Free-text object descriptions:
==*==

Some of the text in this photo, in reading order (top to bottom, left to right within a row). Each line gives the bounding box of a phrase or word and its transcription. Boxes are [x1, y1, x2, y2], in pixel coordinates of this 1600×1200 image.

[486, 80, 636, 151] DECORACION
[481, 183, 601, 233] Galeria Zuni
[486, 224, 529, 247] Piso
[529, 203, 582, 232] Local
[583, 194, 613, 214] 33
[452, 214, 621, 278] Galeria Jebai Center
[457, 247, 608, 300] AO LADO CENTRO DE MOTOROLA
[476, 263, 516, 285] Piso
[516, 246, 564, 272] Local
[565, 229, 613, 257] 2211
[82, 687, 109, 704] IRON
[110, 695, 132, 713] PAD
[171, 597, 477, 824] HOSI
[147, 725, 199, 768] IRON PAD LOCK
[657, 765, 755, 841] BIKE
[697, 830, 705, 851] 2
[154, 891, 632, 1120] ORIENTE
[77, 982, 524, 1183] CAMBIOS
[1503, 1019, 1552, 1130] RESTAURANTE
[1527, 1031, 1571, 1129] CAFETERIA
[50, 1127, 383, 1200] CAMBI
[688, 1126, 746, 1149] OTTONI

==*==

WHAT IS EXPECTED:
Each line of the records belongs in the answer, reproduced exactly.

YOUR SOLUTION:
Some of the text in this photo, in reading order (top to bottom, left to right within a row). Each line gives the bounding box of a phrase or word and its transcription. Boxes are [x1, y1, x2, y2], in pixel coordinates of this 1600×1200 image.

[486, 80, 636, 151] DECORACION
[481, 183, 601, 233] Galeria Zuni
[486, 224, 529, 247] Piso
[529, 203, 582, 232] Local
[583, 194, 613, 214] 33
[452, 214, 621, 278] Galeria Jebai Center
[457, 247, 608, 300] AO LADO CENTRO DE MOTOROLA
[476, 263, 516, 285] Piso
[516, 246, 564, 272] Local
[565, 229, 613, 257] 2211
[82, 687, 109, 704] IRON
[110, 695, 132, 713] PAD
[171, 597, 477, 824] HOSI
[147, 725, 199, 768] IRON PAD LOCK
[657, 765, 755, 841] BIKE
[697, 830, 705, 851] 2
[154, 891, 632, 1120] ORIENTE
[77, 982, 524, 1183] CAMBIOS
[1503, 1019, 1552, 1130] RESTAURANTE
[1527, 1031, 1571, 1129] CAFETERIA
[50, 1127, 383, 1200] CAMBI
[688, 1126, 746, 1149] OTTONI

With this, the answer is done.